Referring expression grounding data:

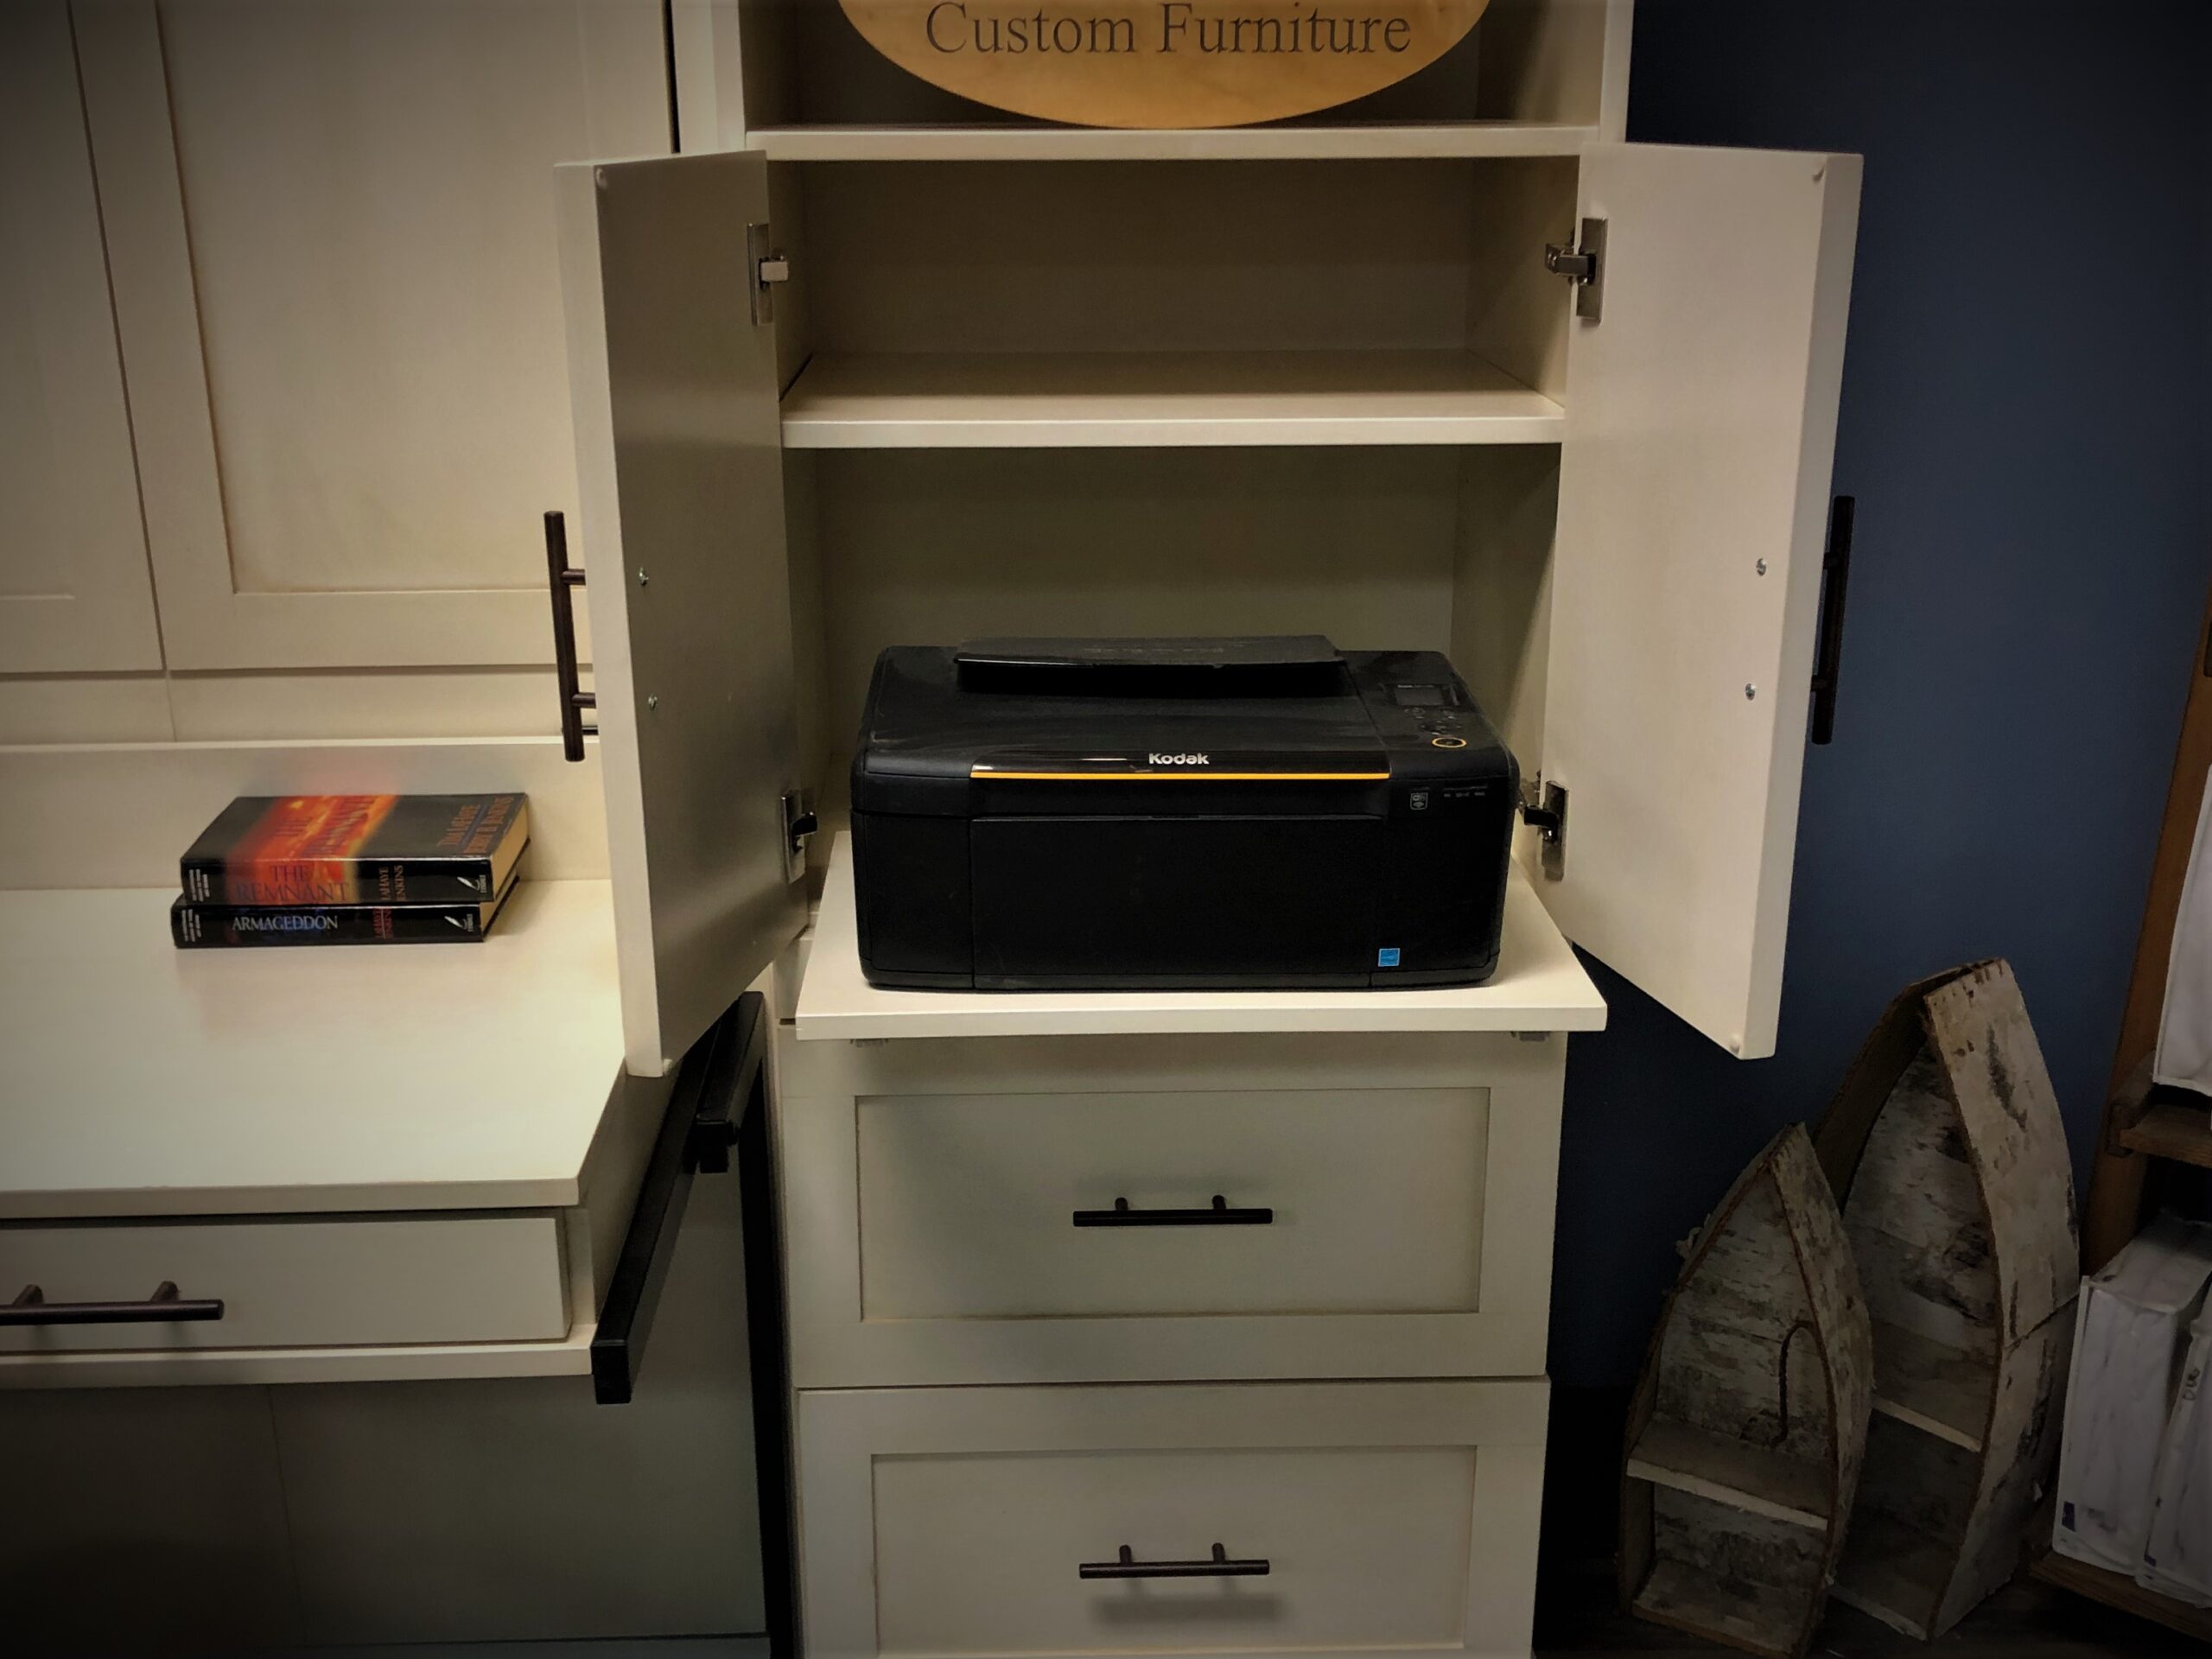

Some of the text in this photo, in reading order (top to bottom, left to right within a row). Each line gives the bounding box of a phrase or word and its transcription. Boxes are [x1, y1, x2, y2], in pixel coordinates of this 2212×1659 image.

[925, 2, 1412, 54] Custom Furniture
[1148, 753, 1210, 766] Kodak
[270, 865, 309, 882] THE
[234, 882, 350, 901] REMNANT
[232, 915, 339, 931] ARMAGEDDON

• **Directions for this task**
Copy out the entries verbatim and leave the images out.

• **Response for this exercise**
Some of the text in this photo, in reading order (top to bottom, left to right within a row). Each line gives the bounding box of a phrase or word and its transcription. Boxes are [x1, y1, x2, y2], in pixel coordinates of this 2212×1659 image.

[925, 2, 1412, 54] Custom Furniture
[1148, 753, 1210, 766] Kodak
[270, 865, 309, 882] THE
[234, 882, 350, 901] REMNANT
[232, 915, 339, 931] ARMAGEDDON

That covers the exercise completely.